Segment Start: Data to use

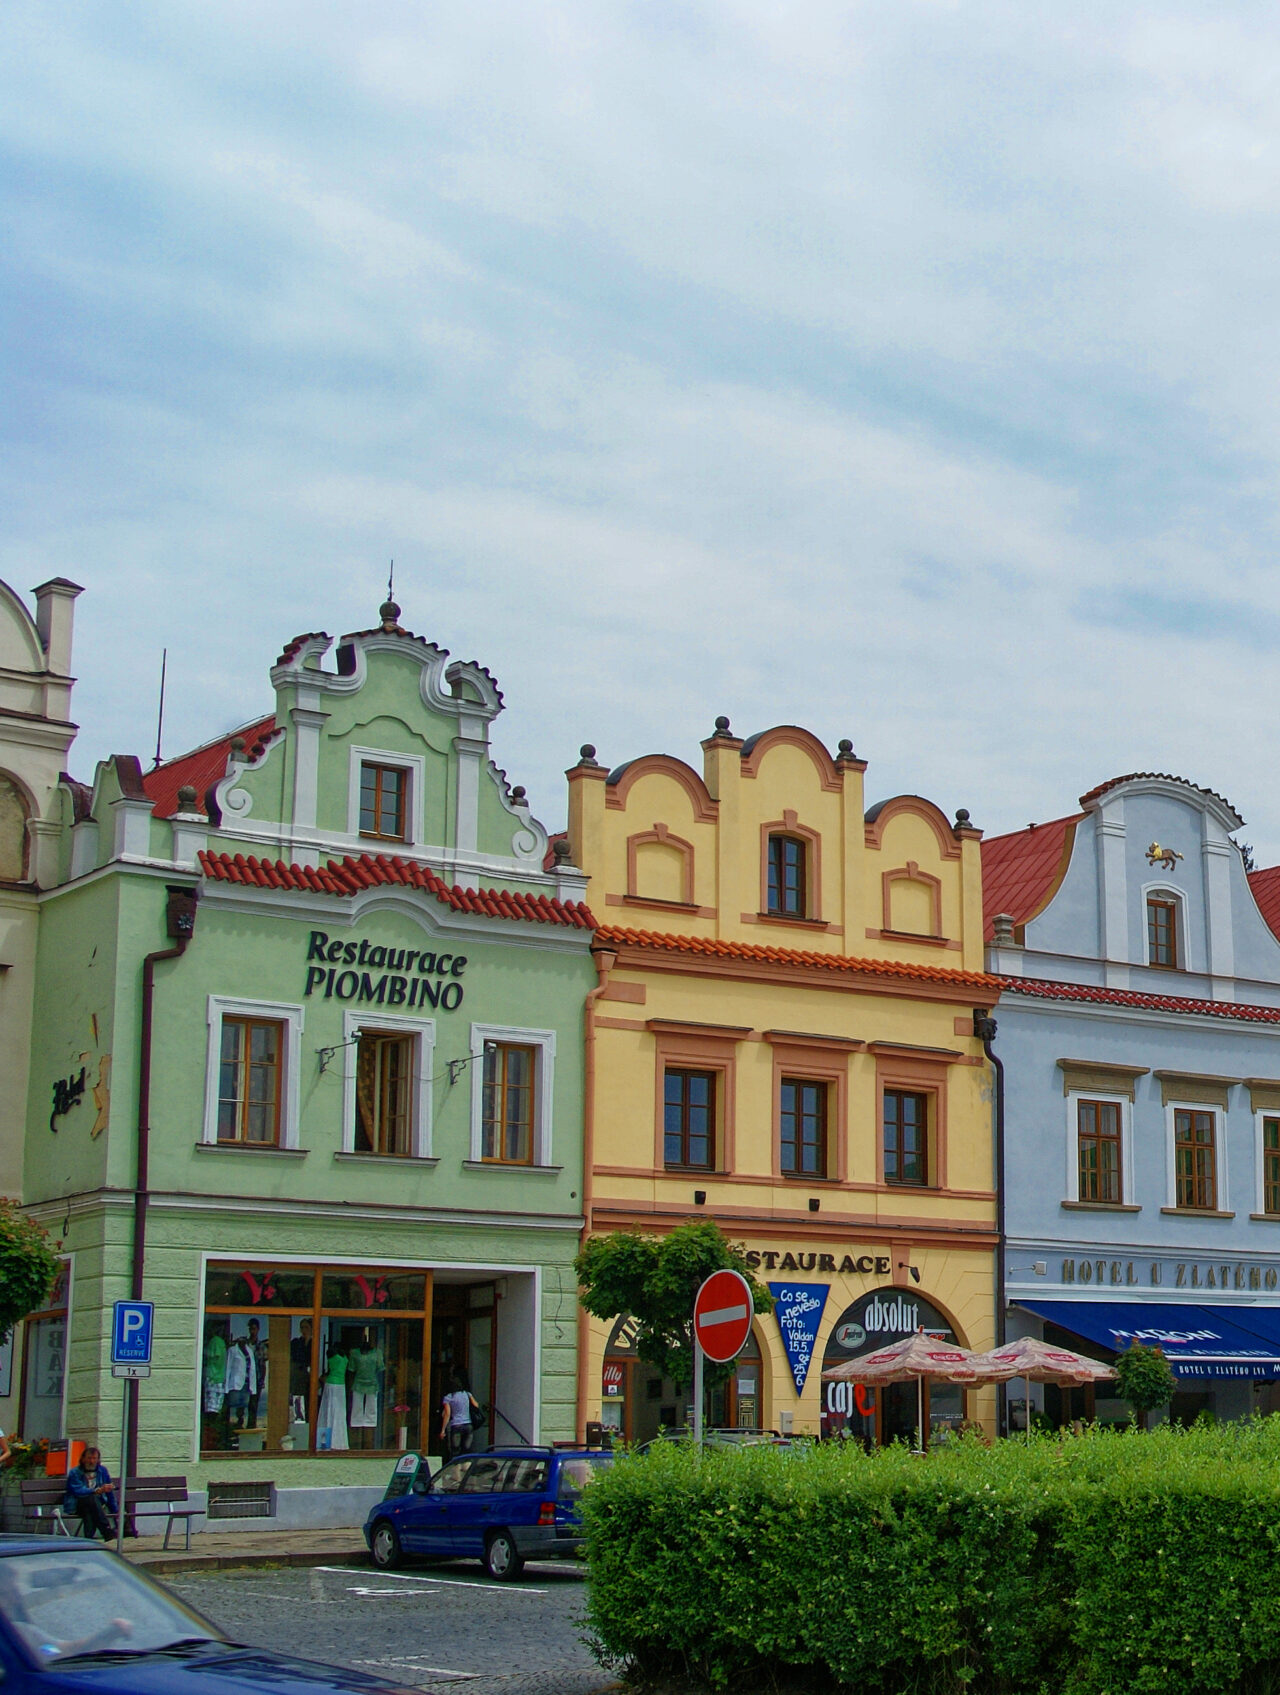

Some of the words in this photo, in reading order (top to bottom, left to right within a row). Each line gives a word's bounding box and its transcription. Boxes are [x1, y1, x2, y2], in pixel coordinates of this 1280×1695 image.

[306, 930, 468, 977] Restaurace
[304, 966, 464, 1010] PIOMBINO
[1063, 1259, 1138, 1283] HOTEL
[1151, 1262, 1163, 1285] U
[1176, 1262, 1278, 1289] ZLATÉHO
[780, 1289, 793, 1302] Co
[795, 1291, 808, 1302] se
[781, 1315, 806, 1328] Foto:
[865, 1296, 919, 1333] absolut
[123, 1310, 144, 1342] P
[1108, 1328, 1223, 1342] MATTONI
[127, 1367, 137, 1376] 1x
[604, 1366, 622, 1384] illy
[1179, 1365, 1205, 1374] HOTEL
[1253, 1367, 1266, 1376] LVA

Segment End: Data to use

A word-for-word transcript of the entries above is needed, with pictures removed.

Response:
Some of the words in this photo, in reading order (top to bottom, left to right within a row). Each line gives a word's bounding box and its transcription. Boxes are [x1, y1, x2, y2], in pixel coordinates of this 1280×1695 image.

[306, 930, 468, 977] Restaurace
[304, 966, 464, 1010] PIOMBINO
[1063, 1259, 1138, 1283] HOTEL
[1151, 1262, 1163, 1285] U
[1176, 1262, 1278, 1289] ZLATÉHO
[780, 1289, 793, 1302] Co
[795, 1291, 808, 1302] se
[781, 1315, 806, 1328] Foto:
[865, 1296, 919, 1333] absolut
[123, 1310, 144, 1342] P
[1108, 1328, 1223, 1342] MATTONI
[127, 1367, 137, 1376] 1x
[604, 1366, 622, 1384] illy
[1179, 1365, 1205, 1374] HOTEL
[1253, 1367, 1266, 1376] LVA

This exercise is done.